Mitt Romney won quiet Republican presidential caucuses in Nevada on Saturday while John McCain and Mike Huckabee dueled in a hard-fought South Carolina primary, a campaign doubleheader likely to winnow the crowded field of White House rivals.
Democrats shared the stage in Nevada, where Hillary Rodham Clinton and Barack Obama vied for a caucus victory and the campaign momentum that goes with it.
Romney's western victory marked his second straight success, coming quickly after a first-place finish in the Michigan primary revived a faltering campaign.
Caucus-goers in Nevada said the economy and illegal immigration were their top concerns, according to preliminary results from surveys of voters entering their caucuses. Romney, the former Massachusetts governor, was leader among voters who cited both issues.
Mormons comprised about 20 percent of all caucus-goers, another advantage for Romney, who is trying to become the first member of the faith to win the White House.
Alone among the Republican contenders, Rep. Ron Paul of Texas aired television ads in Nevada, and the libertarian-leaning Texan was running a distant second behind Romney.
Nevada offered more delegates but far less appeal to the Republican candidates than South Carolina, a primary that has gone to the party's eventual nominee every four years since 1980.
That made it a magnet for former Tennessee Sen.

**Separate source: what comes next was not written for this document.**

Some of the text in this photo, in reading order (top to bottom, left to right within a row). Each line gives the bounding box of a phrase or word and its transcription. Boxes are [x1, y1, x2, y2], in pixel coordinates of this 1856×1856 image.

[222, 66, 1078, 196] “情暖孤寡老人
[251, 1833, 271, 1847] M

Fred Thompson, who staked his candidacy on a strong showing, as well as for Romney, McCain, the Arizona senator; and Huckabee, the former governor of Arkansas.
McCain, a former Vietnam prisoner of war, appealed to a large population of military veterans in South Carolina, and stressed his determination to rein in federal spending as he worked to avenge a bitter defeat in the 2000 primary.

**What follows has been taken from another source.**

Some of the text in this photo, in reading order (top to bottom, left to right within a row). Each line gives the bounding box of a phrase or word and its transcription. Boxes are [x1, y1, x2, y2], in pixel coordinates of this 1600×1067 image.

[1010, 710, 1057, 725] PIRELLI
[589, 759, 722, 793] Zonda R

Huckabee reached out to evangelical Christian voters, hoping to rebound from a string of disappointing showings since his victory in the Jan. 3 Iowa caucuses.

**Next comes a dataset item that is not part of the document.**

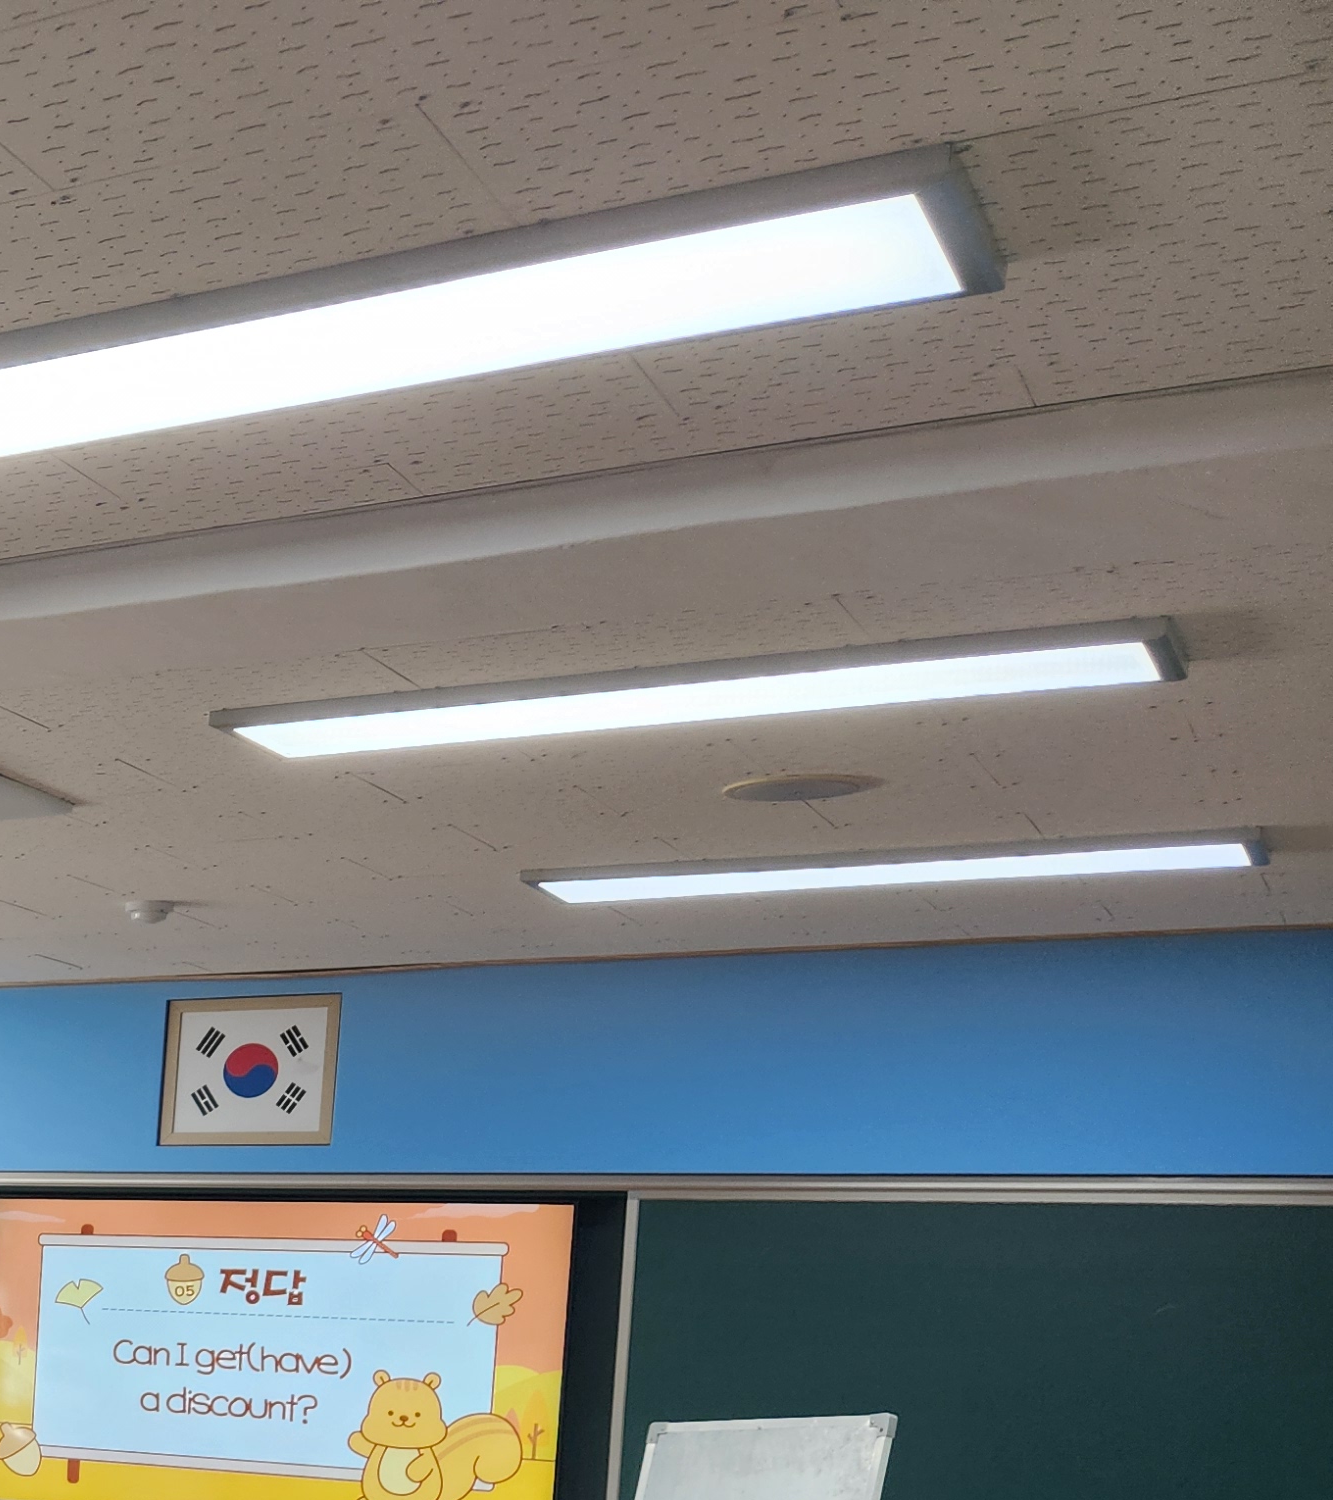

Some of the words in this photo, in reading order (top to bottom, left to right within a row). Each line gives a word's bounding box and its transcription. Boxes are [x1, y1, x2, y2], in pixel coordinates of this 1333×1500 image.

Romney campaigned on a pledge to help restore the state's economy, much as he did in winning Michigan.
In South Carolina, the economy and immigration were cited as top issues, and preliminary survey data indicated a strong turnout by evangelical voters.
Survey data in both states were from polls conducted for The Associated Press and the television networks by Edison Media Research and Mitofsky International.